Криночка была маленькая, а чашка большая. Официантка в кокошнике и русском платье была так хороша собой, и так уютно было в башне, такие славные люди сидели вокруг меня и так приятно дул ветерок в бойницу, что я забыл про все свои страдания и в блаженном успокоении думал о том, как вкусна и сытна исконно русская еда, запиваемая душистой медовухой.
Но слишком уж мала была криночка! Черненькая, глазурованная изнутри: что-то поблескивает, а что не поймешь, то ли медовуха, то ли глазурь.
— Как вас зовут? — спросил я у официантки.
— Валя.
— Валечка, милая, принесите мне еще одну криночку, а то мне мясо нечем запивать. Уж очень сухое мясо-то.

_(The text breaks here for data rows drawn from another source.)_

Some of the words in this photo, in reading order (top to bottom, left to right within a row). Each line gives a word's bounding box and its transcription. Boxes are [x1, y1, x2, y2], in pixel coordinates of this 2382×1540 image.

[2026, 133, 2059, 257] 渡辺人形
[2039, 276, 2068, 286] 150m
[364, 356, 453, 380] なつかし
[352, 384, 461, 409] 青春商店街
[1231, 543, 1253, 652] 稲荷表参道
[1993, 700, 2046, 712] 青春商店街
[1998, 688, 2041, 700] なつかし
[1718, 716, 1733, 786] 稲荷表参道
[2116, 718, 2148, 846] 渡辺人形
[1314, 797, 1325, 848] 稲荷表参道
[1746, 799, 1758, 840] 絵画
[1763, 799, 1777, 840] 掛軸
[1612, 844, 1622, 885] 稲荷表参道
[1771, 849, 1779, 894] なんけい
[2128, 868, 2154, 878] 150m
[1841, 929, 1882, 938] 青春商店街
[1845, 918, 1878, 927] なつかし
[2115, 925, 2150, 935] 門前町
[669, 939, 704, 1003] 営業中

А Валя сказала мне с улыбкой:
— Вы, наверное, приезжий. Не советую.
— Ну что вы! Валечка! Я же знаю себя!
— Себя-то вы знаете, а медовуху небось ни разу не пили, не знаете, что это такое…
— Вот и знакомлюсь с древностью.
— Честное слово, не советую. Она коварная! Вы лучше квасу с хреном выпейте или клюквенного морсу. А то у нас ведь как? Вот ленинградцы или москвичи ознакомятся, как вы говорите, с этой древностью, а потом плащи, фотоаппараты — все забывают. Правду говорю. Лучше квасу выпить.

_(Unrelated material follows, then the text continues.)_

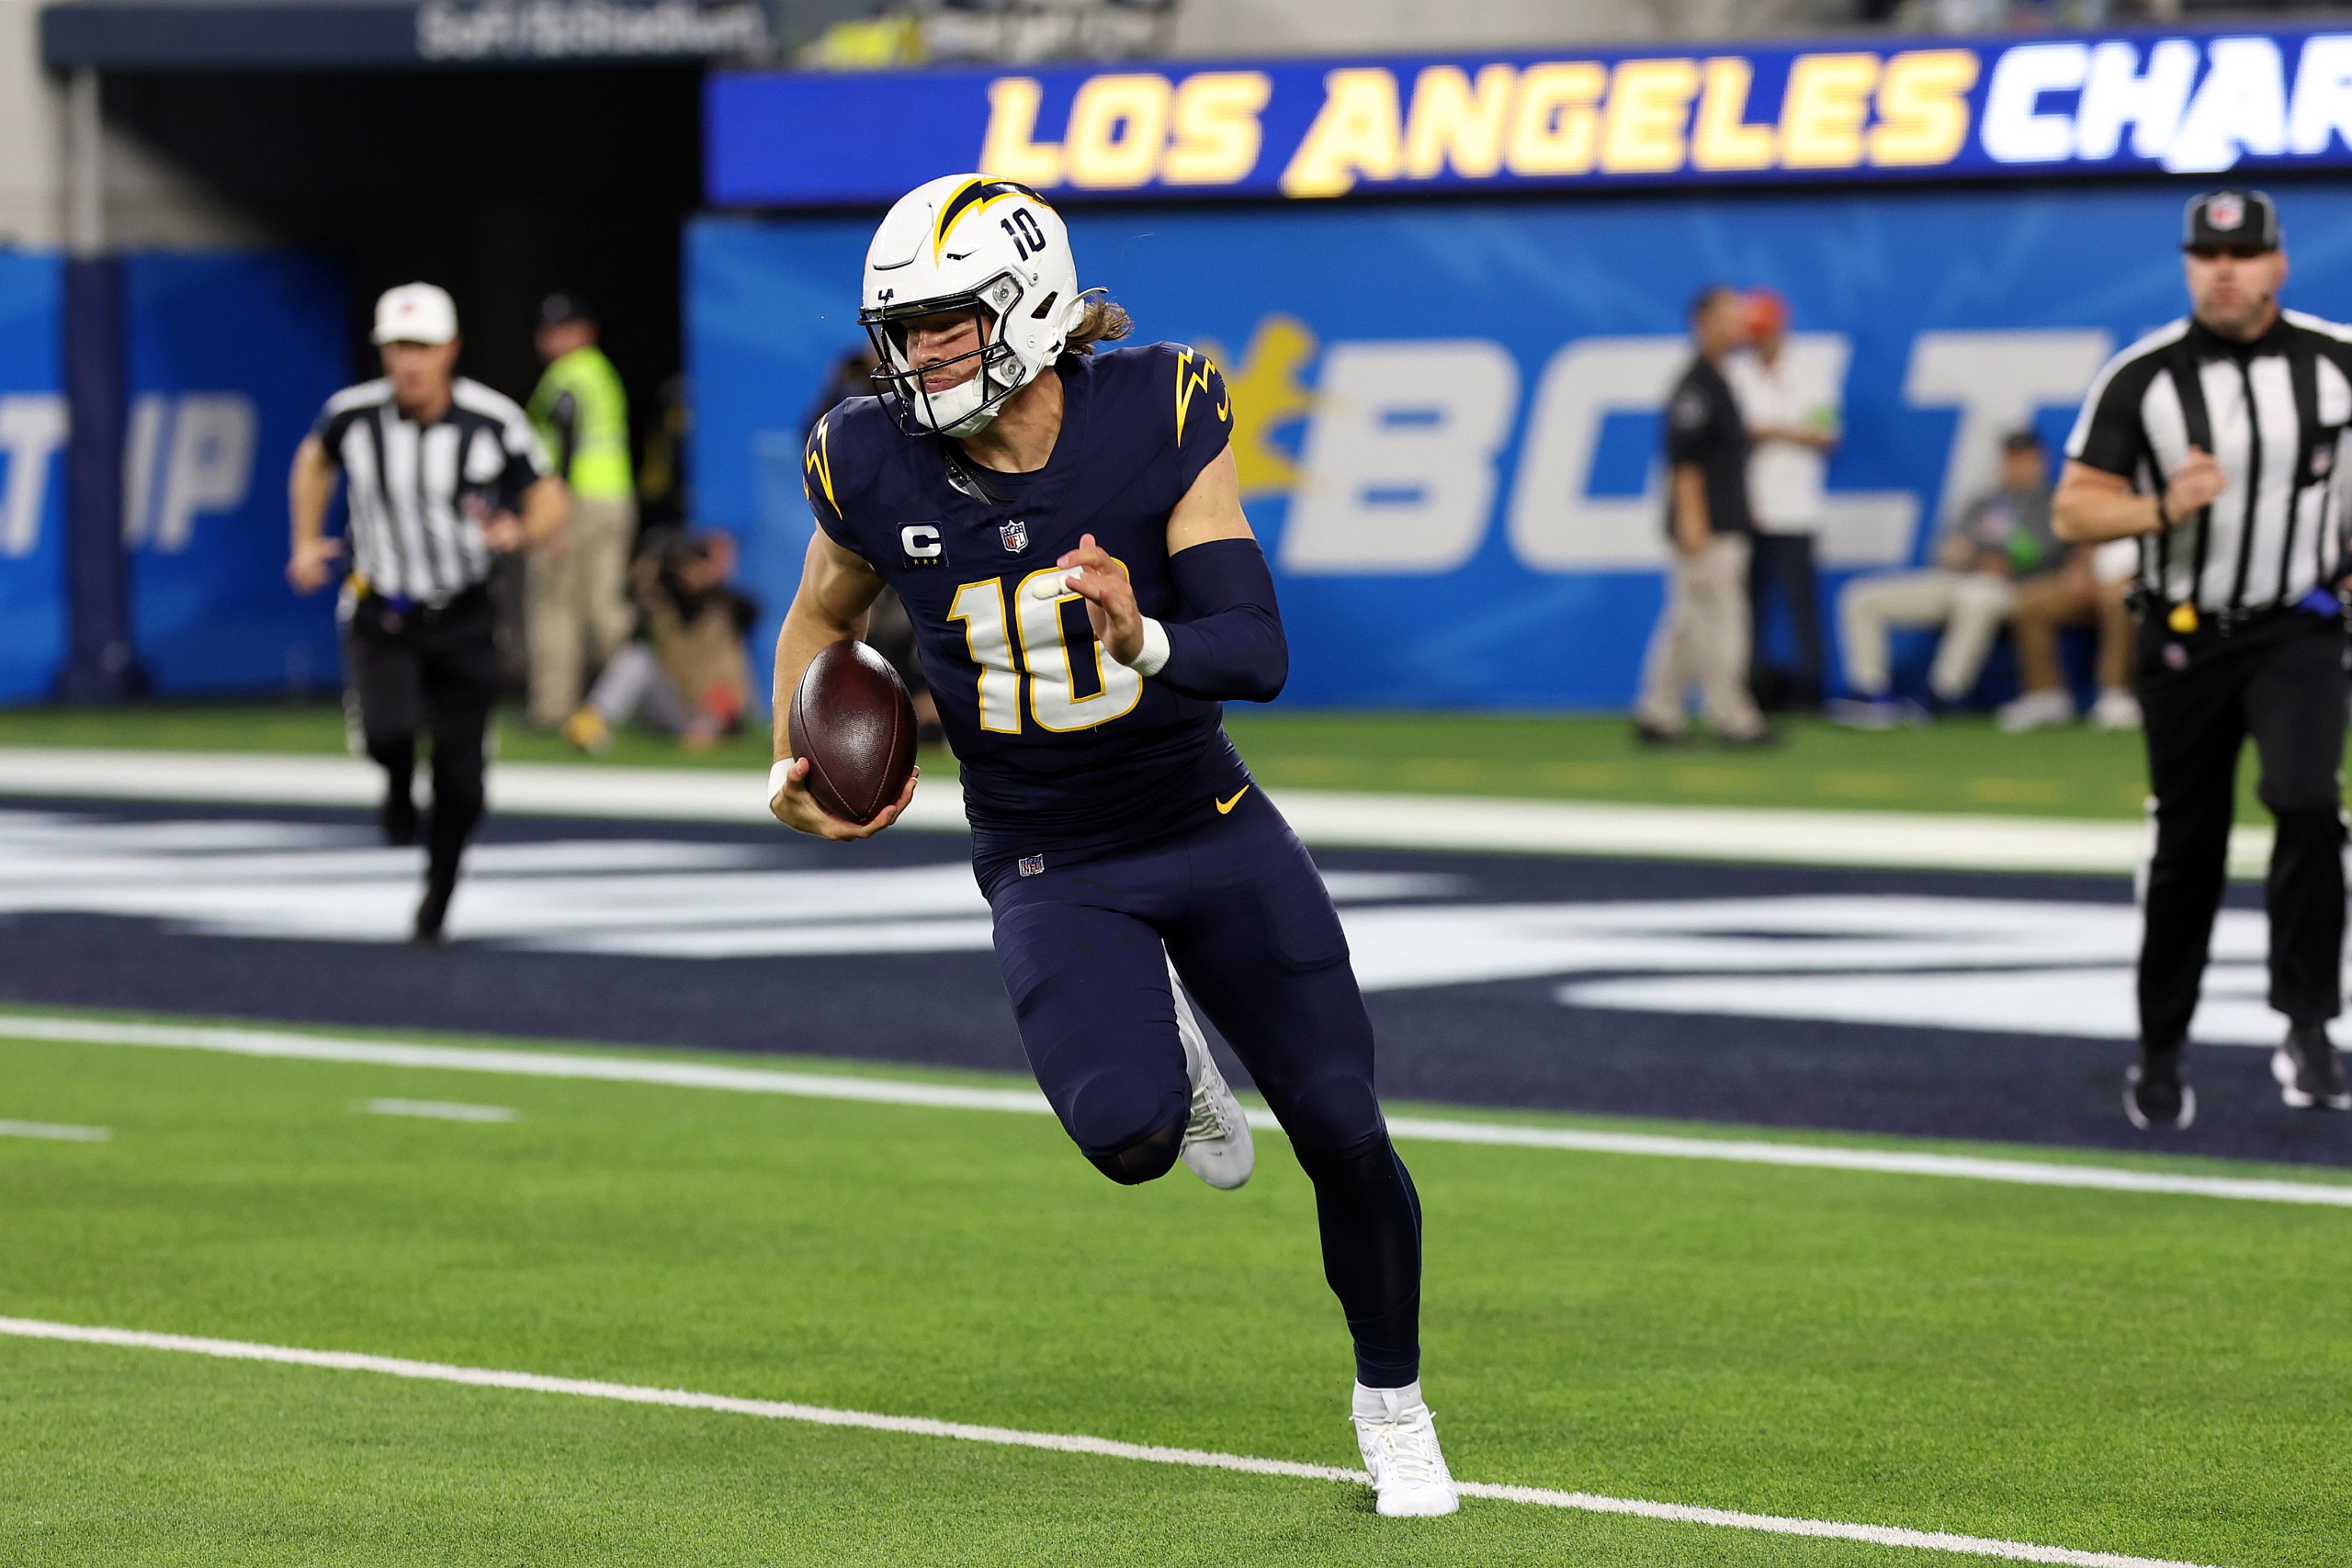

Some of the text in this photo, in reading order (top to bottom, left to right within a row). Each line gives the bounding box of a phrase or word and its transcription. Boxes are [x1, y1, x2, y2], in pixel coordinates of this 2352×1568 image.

[983, 37, 2352, 195] LOS ANGELES CHAR
[1001, 208, 1046, 262] 10
[901, 525, 941, 558] C
[946, 558, 1143, 734] 10

Я призадумался с сомнением, но, сохранив еще здравый рассудок, согласился на квас.
— Раз такое дело, — с усмешкой сказал я, — несите квас. Только вы меня, Валечка, тоже не знаете, я крепкий мужик.
— Это хорошо! Очень даже замечательно. Кушайте на здоровье, а я сейчас принесу.
Но я уже был сыт и пьян и, заворачивая в салфетку хлеб и кусок остывшего мяса, сказал милой Вале, которая с удивлением посмотрела на меня:
— Это я, Валечка, собаке. Хорошая такая, лохматенькая собачка.